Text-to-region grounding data

*-*-*

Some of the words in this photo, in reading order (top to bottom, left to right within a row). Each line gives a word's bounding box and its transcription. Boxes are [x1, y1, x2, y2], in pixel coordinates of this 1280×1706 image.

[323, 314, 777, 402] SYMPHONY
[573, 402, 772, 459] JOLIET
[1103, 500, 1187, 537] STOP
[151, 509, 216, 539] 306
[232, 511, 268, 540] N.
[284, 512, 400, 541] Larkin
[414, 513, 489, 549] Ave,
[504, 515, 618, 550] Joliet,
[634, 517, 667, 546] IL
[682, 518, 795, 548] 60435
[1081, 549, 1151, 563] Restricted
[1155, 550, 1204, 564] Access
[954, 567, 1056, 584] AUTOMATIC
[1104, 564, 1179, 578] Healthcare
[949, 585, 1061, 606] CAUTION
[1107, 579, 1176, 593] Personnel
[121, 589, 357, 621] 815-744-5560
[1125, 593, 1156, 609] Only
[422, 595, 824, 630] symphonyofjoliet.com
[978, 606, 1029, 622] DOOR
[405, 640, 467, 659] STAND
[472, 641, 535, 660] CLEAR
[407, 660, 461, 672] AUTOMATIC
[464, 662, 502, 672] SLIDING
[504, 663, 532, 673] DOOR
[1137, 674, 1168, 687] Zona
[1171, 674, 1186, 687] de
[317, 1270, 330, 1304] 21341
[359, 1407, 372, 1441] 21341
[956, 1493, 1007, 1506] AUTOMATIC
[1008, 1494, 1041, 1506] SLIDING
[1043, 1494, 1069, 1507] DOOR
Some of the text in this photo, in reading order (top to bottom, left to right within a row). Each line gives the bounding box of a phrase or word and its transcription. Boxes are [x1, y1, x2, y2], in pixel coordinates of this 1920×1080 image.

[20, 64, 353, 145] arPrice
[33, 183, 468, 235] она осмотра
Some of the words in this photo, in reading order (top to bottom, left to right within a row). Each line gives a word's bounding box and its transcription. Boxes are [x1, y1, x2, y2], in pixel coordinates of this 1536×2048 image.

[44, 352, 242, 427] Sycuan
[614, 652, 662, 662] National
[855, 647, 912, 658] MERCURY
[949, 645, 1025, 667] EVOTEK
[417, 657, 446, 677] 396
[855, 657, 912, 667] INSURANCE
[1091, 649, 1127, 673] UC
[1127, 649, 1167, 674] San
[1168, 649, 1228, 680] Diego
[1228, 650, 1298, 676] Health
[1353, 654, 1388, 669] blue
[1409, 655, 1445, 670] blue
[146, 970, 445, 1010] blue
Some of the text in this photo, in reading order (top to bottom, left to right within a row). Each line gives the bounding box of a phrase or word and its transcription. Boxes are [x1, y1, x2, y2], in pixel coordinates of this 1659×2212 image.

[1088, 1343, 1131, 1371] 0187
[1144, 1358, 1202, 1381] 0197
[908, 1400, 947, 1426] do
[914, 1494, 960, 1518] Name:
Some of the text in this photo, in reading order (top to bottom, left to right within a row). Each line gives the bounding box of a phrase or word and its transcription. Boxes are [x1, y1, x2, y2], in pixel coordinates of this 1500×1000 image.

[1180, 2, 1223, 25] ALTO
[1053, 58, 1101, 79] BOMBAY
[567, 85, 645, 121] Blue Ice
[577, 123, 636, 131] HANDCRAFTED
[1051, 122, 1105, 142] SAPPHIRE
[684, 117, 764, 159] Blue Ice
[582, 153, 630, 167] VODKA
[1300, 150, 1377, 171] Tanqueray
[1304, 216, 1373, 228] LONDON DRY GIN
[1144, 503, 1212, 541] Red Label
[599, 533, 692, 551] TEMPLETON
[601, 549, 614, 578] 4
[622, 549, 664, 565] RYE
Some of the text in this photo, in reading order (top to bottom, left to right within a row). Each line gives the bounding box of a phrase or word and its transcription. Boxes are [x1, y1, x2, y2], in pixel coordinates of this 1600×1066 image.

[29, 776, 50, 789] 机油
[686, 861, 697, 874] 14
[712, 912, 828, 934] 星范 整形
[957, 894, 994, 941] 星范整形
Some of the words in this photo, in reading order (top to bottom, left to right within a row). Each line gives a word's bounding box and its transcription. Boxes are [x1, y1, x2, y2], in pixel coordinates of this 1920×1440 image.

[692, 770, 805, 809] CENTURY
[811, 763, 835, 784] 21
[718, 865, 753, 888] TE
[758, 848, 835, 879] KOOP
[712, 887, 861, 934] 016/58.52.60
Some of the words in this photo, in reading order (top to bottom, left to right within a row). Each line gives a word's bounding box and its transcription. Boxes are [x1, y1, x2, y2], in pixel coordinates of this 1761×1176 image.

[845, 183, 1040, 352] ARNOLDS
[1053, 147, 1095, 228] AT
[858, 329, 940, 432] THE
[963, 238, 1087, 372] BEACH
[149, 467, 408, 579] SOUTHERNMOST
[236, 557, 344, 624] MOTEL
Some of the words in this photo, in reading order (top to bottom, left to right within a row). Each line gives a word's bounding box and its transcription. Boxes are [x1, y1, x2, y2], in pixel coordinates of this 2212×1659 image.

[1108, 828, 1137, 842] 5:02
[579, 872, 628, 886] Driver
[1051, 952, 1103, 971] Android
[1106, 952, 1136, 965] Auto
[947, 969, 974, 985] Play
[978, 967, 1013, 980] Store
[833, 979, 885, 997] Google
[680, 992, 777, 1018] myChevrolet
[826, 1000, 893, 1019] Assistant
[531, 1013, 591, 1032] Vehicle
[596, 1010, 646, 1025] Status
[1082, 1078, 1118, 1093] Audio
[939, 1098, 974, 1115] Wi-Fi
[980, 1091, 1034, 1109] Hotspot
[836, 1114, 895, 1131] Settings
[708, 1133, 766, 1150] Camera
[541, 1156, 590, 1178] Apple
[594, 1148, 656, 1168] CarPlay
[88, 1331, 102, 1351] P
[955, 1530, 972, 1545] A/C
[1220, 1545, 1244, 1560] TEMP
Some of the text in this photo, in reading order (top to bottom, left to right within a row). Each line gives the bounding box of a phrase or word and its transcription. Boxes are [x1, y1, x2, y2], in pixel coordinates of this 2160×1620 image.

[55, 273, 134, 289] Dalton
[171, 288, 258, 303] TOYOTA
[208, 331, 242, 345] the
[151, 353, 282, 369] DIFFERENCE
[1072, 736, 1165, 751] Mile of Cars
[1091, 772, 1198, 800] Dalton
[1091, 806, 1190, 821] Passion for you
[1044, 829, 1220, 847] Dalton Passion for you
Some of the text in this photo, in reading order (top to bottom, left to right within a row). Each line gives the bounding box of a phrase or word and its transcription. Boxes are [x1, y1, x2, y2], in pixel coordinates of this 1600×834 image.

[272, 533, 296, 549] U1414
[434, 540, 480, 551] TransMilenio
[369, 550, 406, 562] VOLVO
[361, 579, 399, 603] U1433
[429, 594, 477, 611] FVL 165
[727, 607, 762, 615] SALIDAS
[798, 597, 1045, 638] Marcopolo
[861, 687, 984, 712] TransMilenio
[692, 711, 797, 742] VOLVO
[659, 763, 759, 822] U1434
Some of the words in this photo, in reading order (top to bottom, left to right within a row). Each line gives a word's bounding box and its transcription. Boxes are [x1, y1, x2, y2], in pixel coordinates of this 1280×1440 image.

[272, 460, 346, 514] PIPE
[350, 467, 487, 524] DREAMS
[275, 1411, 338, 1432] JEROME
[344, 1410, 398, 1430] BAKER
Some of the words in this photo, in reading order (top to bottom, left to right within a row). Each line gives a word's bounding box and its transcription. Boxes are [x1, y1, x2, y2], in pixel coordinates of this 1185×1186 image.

*-*-*

▸ YOUR OBJECTIVE
The records above must each be restated exactly as they stand.

▸ ANSWER SECTION
Some of the words in this photo, in reading order (top to bottom, left to right within a row). Each line gives a word's bounding box and its transcription. Boxes are [x1, y1, x2, y2], in pixel coordinates of this 1280×1706 image.

[323, 314, 777, 402] SYMPHONY
[573, 402, 772, 459] JOLIET
[1103, 500, 1187, 537] STOP
[151, 509, 216, 539] 306
[232, 511, 268, 540] N.
[284, 512, 400, 541] Larkin
[414, 513, 489, 549] Ave,
[504, 515, 618, 550] Joliet,
[634, 517, 667, 546] IL
[682, 518, 795, 548] 60435
[1081, 549, 1151, 563] Restricted
[1155, 550, 1204, 564] Access
[954, 567, 1056, 584] AUTOMATIC
[1104, 564, 1179, 578] Healthcare
[949, 585, 1061, 606] CAUTION
[1107, 579, 1176, 593] Personnel
[121, 589, 357, 621] 815-744-5560
[1125, 593, 1156, 609] Only
[422, 595, 824, 630] symphonyofjoliet.com
[978, 606, 1029, 622] DOOR
[405, 640, 467, 659] STAND
[472, 641, 535, 660] CLEAR
[407, 660, 461, 672] AUTOMATIC
[464, 662, 502, 672] SLIDING
[504, 663, 532, 673] DOOR
[1137, 674, 1168, 687] Zona
[1171, 674, 1186, 687] de
[317, 1270, 330, 1304] 21341
[359, 1407, 372, 1441] 21341
[956, 1493, 1007, 1506] AUTOMATIC
[1008, 1494, 1041, 1506] SLIDING
[1043, 1494, 1069, 1507] DOOR
Some of the text in this photo, in reading order (top to bottom, left to right within a row). Each line gives the bounding box of a phrase or word and its transcription. Boxes are [x1, y1, x2, y2], in pixel coordinates of this 1920×1080 image.

[20, 64, 353, 145] arPrice
[33, 183, 468, 235] она осмотра
Some of the words in this photo, in reading order (top to bottom, left to right within a row). Each line gives a word's bounding box and its transcription. Boxes are [x1, y1, x2, y2], in pixel coordinates of this 1536×2048 image.

[44, 352, 242, 427] Sycuan
[614, 652, 662, 662] National
[855, 647, 912, 658] MERCURY
[949, 645, 1025, 667] EVOTEK
[417, 657, 446, 677] 396
[855, 657, 912, 667] INSURANCE
[1091, 649, 1127, 673] UC
[1127, 649, 1167, 674] San
[1168, 649, 1228, 680] Diego
[1228, 650, 1298, 676] Health
[1353, 654, 1388, 669] blue
[1409, 655, 1445, 670] blue
[146, 970, 445, 1010] blue
Some of the text in this photo, in reading order (top to bottom, left to right within a row). Each line gives the bounding box of a phrase or word and its transcription. Boxes are [x1, y1, x2, y2], in pixel coordinates of this 1659×2212 image.

[1088, 1343, 1131, 1371] 0187
[1144, 1358, 1202, 1381] 0197
[908, 1400, 947, 1426] do
[914, 1494, 960, 1518] Name:
Some of the text in this photo, in reading order (top to bottom, left to right within a row). Each line gives the bounding box of a phrase or word and its transcription. Boxes are [x1, y1, x2, y2], in pixel coordinates of this 1500×1000 image.

[1180, 2, 1223, 25] ALTO
[1053, 58, 1101, 79] BOMBAY
[567, 85, 645, 121] Blue Ice
[577, 123, 636, 131] HANDCRAFTED
[1051, 122, 1105, 142] SAPPHIRE
[684, 117, 764, 159] Blue Ice
[582, 153, 630, 167] VODKA
[1300, 150, 1377, 171] Tanqueray
[1304, 216, 1373, 228] LONDON DRY GIN
[1144, 503, 1212, 541] Red Label
[599, 533, 692, 551] TEMPLETON
[601, 549, 614, 578] 4
[622, 549, 664, 565] RYE
Some of the text in this photo, in reading order (top to bottom, left to right within a row). Each line gives the bounding box of a phrase or word and its transcription. Boxes are [x1, y1, x2, y2], in pixel coordinates of this 1600×1066 image.

[29, 776, 50, 789] 机油
[686, 861, 697, 874] 14
[712, 912, 828, 934] 星范 整形
[957, 894, 994, 941] 星范整形
Some of the words in this photo, in reading order (top to bottom, left to right within a row). Each line gives a word's bounding box and its transcription. Boxes are [x1, y1, x2, y2], in pixel coordinates of this 1920×1440 image.

[692, 770, 805, 809] CENTURY
[811, 763, 835, 784] 21
[718, 865, 753, 888] TE
[758, 848, 835, 879] KOOP
[712, 887, 861, 934] 016/58.52.60
Some of the words in this photo, in reading order (top to bottom, left to right within a row). Each line gives a word's bounding box and its transcription. Boxes are [x1, y1, x2, y2], in pixel coordinates of this 1761×1176 image.

[845, 183, 1040, 352] ARNOLDS
[1053, 147, 1095, 228] AT
[858, 329, 940, 432] THE
[963, 238, 1087, 372] BEACH
[149, 467, 408, 579] SOUTHERNMOST
[236, 557, 344, 624] MOTEL
Some of the words in this photo, in reading order (top to bottom, left to right within a row). Each line gives a word's bounding box and its transcription. Boxes are [x1, y1, x2, y2], in pixel coordinates of this 2212×1659 image.

[1108, 828, 1137, 842] 5:02
[579, 872, 628, 886] Driver
[1051, 952, 1103, 971] Android
[1106, 952, 1136, 965] Auto
[947, 969, 974, 985] Play
[978, 967, 1013, 980] Store
[833, 979, 885, 997] Google
[680, 992, 777, 1018] myChevrolet
[826, 1000, 893, 1019] Assistant
[531, 1013, 591, 1032] Vehicle
[596, 1010, 646, 1025] Status
[1082, 1078, 1118, 1093] Audio
[939, 1098, 974, 1115] Wi-Fi
[980, 1091, 1034, 1109] Hotspot
[836, 1114, 895, 1131] Settings
[708, 1133, 766, 1150] Camera
[541, 1156, 590, 1178] Apple
[594, 1148, 656, 1168] CarPlay
[88, 1331, 102, 1351] P
[955, 1530, 972, 1545] A/C
[1220, 1545, 1244, 1560] TEMP
Some of the text in this photo, in reading order (top to bottom, left to right within a row). Each line gives the bounding box of a phrase or word and its transcription. Boxes are [x1, y1, x2, y2], in pixel coordinates of this 2160×1620 image.

[55, 273, 134, 289] Dalton
[171, 288, 258, 303] TOYOTA
[208, 331, 242, 345] the
[151, 353, 282, 369] DIFFERENCE
[1072, 736, 1165, 751] Mile of Cars
[1091, 772, 1198, 800] Dalton
[1091, 806, 1190, 821] Passion for you
[1044, 829, 1220, 847] Dalton Passion for you
Some of the text in this photo, in reading order (top to bottom, left to right within a row). Each line gives the bounding box of a phrase or word and its transcription. Boxes are [x1, y1, x2, y2], in pixel coordinates of this 1600×834 image.

[272, 533, 296, 549] U1414
[434, 540, 480, 551] TransMilenio
[369, 550, 406, 562] VOLVO
[361, 579, 399, 603] U1433
[429, 594, 477, 611] FVL 165
[727, 607, 762, 615] SALIDAS
[798, 597, 1045, 638] Marcopolo
[861, 687, 984, 712] TransMilenio
[692, 711, 797, 742] VOLVO
[659, 763, 759, 822] U1434
Some of the words in this photo, in reading order (top to bottom, left to right within a row). Each line gives a word's bounding box and its transcription. Boxes are [x1, y1, x2, y2], in pixel coordinates of this 1280×1440 image.

[272, 460, 346, 514] PIPE
[350, 467, 487, 524] DREAMS
[275, 1411, 338, 1432] JEROME
[344, 1410, 398, 1430] BAKER
Some of the words in this photo, in reading order (top to bottom, left to right within a row). Each line gives a word's bounding box and its transcription. Boxes are [x1, y1, x2, y2], in pixel coordinates of this 1185×1186 image.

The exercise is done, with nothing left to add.